Monday, July 11, 2005

MoveOn Org Mailing about CPB's Kenneth Tomlinson


"Your petition signatures and phone calls helped restore $100 million of funding
for NPR, PBS and local public stations. But public broadcasting is still under attack.
On the same day the House restored funding, Kenneth Tomlinson, the Republican chair
of the Corporation for Public Broadcasting (CPB), rammed through his choice for CPB's
new president: a former Republican National Committee co-chair.1


Tomlinson is on a crusade to inject his politics into public broadcasting. He
insisted on a new PBS show devoted to the right-wing Wall
Street Journal
editorial board.

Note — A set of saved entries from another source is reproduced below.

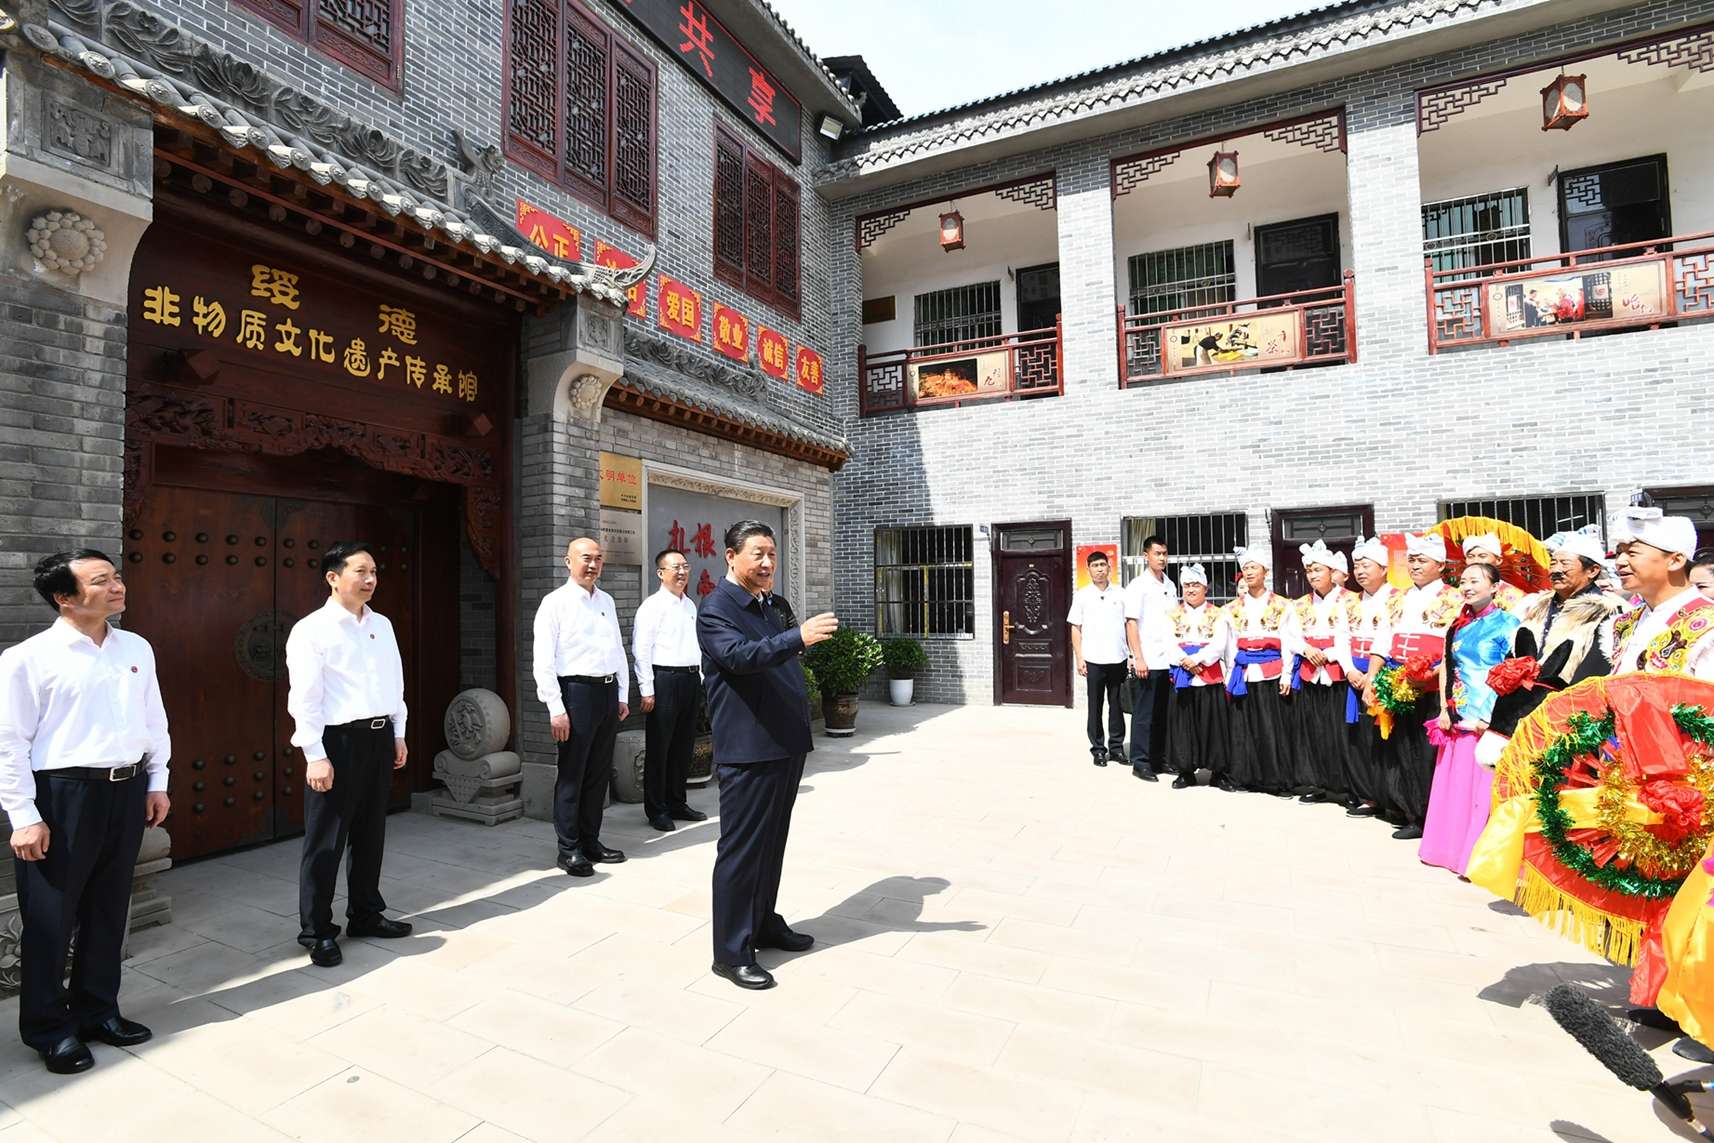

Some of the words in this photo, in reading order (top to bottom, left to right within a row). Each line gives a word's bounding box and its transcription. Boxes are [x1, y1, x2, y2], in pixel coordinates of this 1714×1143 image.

[529, 224, 570, 258] 公正
[250, 264, 418, 345] 绥德
[666, 290, 695, 328] 爱国
[143, 285, 478, 402] 非物质文化遗产传承馆
[718, 315, 744, 351] 敬业
[762, 338, 784, 369] 诚信
[800, 356, 819, 385] 友善

And he's under investigation for secretly
spending our tax dollars on a "liberal bias" witch hunt to intimidate journalists
at NPR and PBS.2 Many people, including 68 members of Congress, are calling on
Tomlinson to resign for attempting a partisan takeover of public broadcasting.3


Do you think we should fight Tomlinson's effort
to push partisan politics into public broadcasting?
We rely on your input
before we act. Please let us know with this quick survey on Tomlinson and other issues:


http://www.moveon.org/publicbroadcasting/survey/?id=5763-6146424-6NOaCKn_MEpW2SXUFQCqqw


Your response will help set a course of action to protect public broadcasting.
We also want to know what you think about other issues MoveOn.org and our sister
organization, MoveOn PAC, work on. Please take this quick survey today.


If we decide to take on Tomlinson, we could do things like asking our local public
stations not to air Tomlinson's partisan programming and writing letters of support
to CPB board members and public broadcasting executives who are standing up to Tomlinson's
attempted takeover.


Despite his complaints of bias, Tomlinson's own polling shows Americans find public
broadcasting more balanced and trustworthy than any of the commercial news networks.4 Yet he hired a Bush White House official to write guidelines for "balance"
on public broadcasting. Now he's hiring a new CPB president, Patricia Harrison, who
helped elect George W. Bush in 2000. Since then, Harrison has been working for Bush,
developing PR to convince the world to support the war in Iraq.5 Harrison has
no experience in public broadcasting, just propaganda.


A Republican operative is the wrong choice to run a nonpartisan organization,
and it's a real threat to the editorial independence of NPR, PBS and local stations.
Harrison got the job because of Tomlinson, despite public and Congressional calls
for a CPB president free of partisan ties.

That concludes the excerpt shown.